"Um Barco atracado ao cais é sempre um sonho preso"

quinta-feira, julho 14, 2005

Ninguém Escuta Ninguém


Apetece fugir do planeta: bombas sobre o povo, políticos de 666ª categoria a obrar taxas sobre o povo, incêndios nos terrenos do povo, doenças laboratoriais a minar a saúde do povo e o povo a esfalfar-se para ter um micro-ondas e um telemóvel, pensando que tem algum poder sobre o mundo!!!(propositadamente escrevi povo e não sociedade civil, como os donos dos tachos gostam de chamar...)
Ontem de manhã, disposto a tomar mais um pequeno almoço, entrei naquela padaria de bairro, que também vende batata frita de pacote e queijo fresco alentejano produzido na Malveira, quem sabe se com leite de cabra espanhola.
A pastelaria onde há muito conhecem as minhas preferências e onde já nem abro a boca para pedir que me tragam a torrada e o galão do costume, está fechada para férias.
Por isso experimentei a alternativa.
Todavia, em vez do fiambre que me apetecia no Pão-de-Deus, surgiu um recheio de queijo e o galão de máquina morno veio para a mesa a ferver.
Pede-se uma água natural sem gás e a bebida chega gelada e gasosa. Solicita-se um café curto e a italiana vem de saia comprida.
Quotidianamente estas cenas vulgarizam-se e repetem-se.
Ninguém escuta ninguém!
Será que já se pode ir morar para algum outro planeta do sistema solar? Posted by Picasa

11 comentários:

Mendes Ferreira disse...

eu. eu escuto-te. aqui. e em qulquer lugar. beijo grande.

Mendes Ferreira disse...

querido Luis eu conheço-te. sei quem tu és e sobretudo sei o que não és. é por isso e pela cumplicidade de anos e poemas de dias e angustias de risos e certezas que te Sei diferente. amplo. solidário. atento. seguro. forte. amigo.
até logo meu amigo.

C.S.A. disse...

Luís, sou todo ouvidos!
Eu pastelaria não tenho, mas nave para ir para o espaço, isso tenho, a da solidariedade e da imaginação.
Mas o «Oásis» está aqui, faze-lo tu, homem, quando assim escreves: «uma italiana de saia comprida»!
Grande abraço!

J.C.Pereira disse...

Amigo Luis;

A "Europa" cantada e ,parece,desencantada, é o que nos vai querendo deixar.Tudo a beber pelo mesmo copo , a comer pelo mesmo prato,a vestir a mesma roupa, a ler o mesmo "jornal" e a ver a mesma TV.
RECUSO-ME.Heide continuar a comer sopa de baldoregas que ELES não sabem o que é e a que sabe,a degostar espargos do campo, a comer açorda Alentejana,gaspacho,sopa de tomate, rematando de quando em vez com uma finissima tira de toucinho bem alto .Amigo, apetece-me usar uma frase bem conhecida de crentes e ateus: "Perdoai-lhes porque eles não sabem o que fazem".
Se ,mesmo assim ,houver que mudar de planeta ,eu quero ir também.
Um abraço
João

C.S.A. disse...

Luís, gosto-te, amigão!
Quando quiseres, vamos abancar aí numa esplanada e sonhar com as estrelas no deserto... e outras coisas... falar de poesia, de pintura, de gentes...

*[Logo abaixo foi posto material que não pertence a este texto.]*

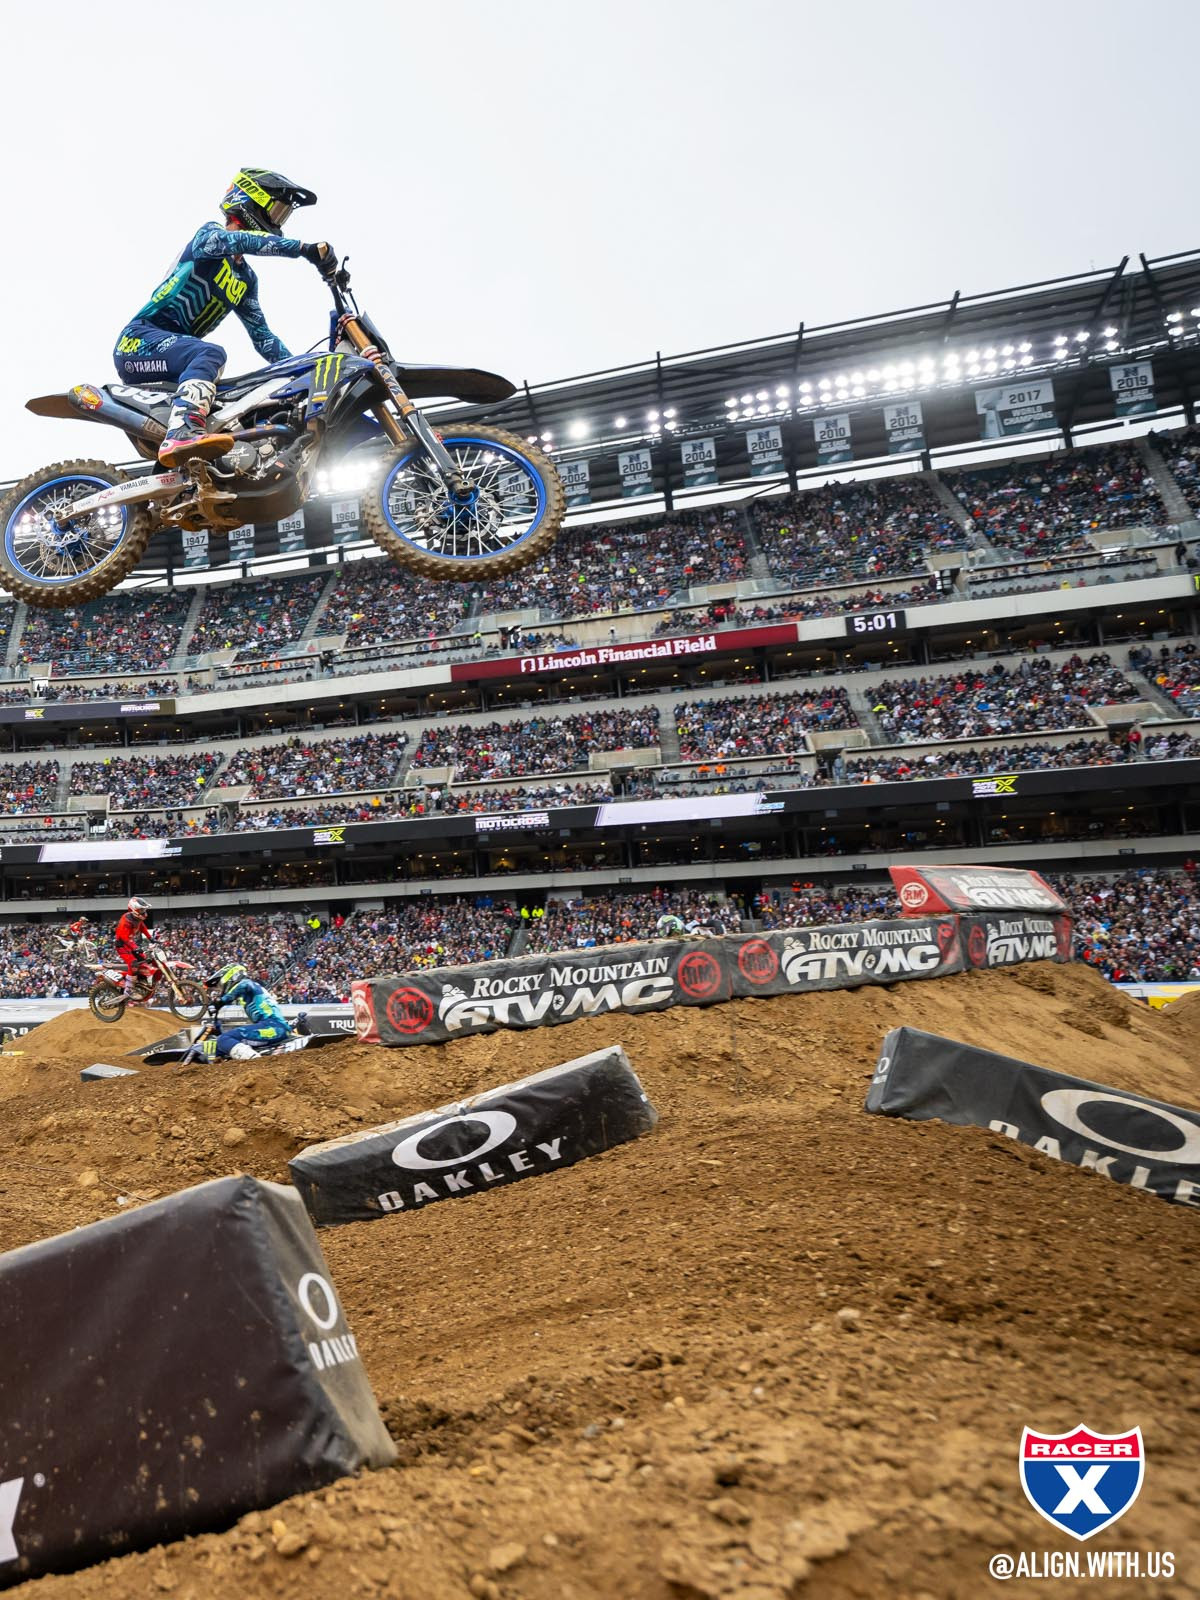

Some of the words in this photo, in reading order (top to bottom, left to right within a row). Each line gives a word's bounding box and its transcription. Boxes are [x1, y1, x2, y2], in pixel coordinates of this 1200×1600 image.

Ana Teresa Bonilha disse...

Caso encontre um lugar peço que leve-me contigo, mas acredito que ninguém escutará quando batermos a porta...

Sandra disse...

Eu escutei teu cantar além-mar e vim viajar nessa odisséia sem espaço... Prazer em conhecer-te
Espero outras visitas...porque voltarei sempre por aqui... meu beijo tropical

augustoM disse...

Luís, foi um óptimo jantar o do Fernando, foi pena não teres ido.
Eu e a Teresa falámos de ti e das festas árabes de Mertola que costumas divulgar.
Um abraço. Augusto

Jorge disse...

Mas o meu caro só agora é que deu por ela que isto aqui não é um país, mas uma pequena horta desgovernada onde cada um é cada vez mais americosulista?

emilia disse...

ao ler estes comentários sobre a surdez nacional, tinha mesmo que deixar o meu desabafo sobre a minha mais recente vigilância de exames. ontem, estive mais de 1hora a mandar calar dois meninos universitários que insistiam em conferenciar num exame! é incrível como foram ignorando os meus comentários! a surdez bem que pode explicar esta reacção... estou solidária contigo Luís! 1beijinho

stillforty disse...

Estou a pensar seriamente em migrar para Plutão, bem longe, longe.
Hellas!
Tenho pena de não te ter conhecido, não foste ao jantar, prepara-te que tás na calha para cá vir.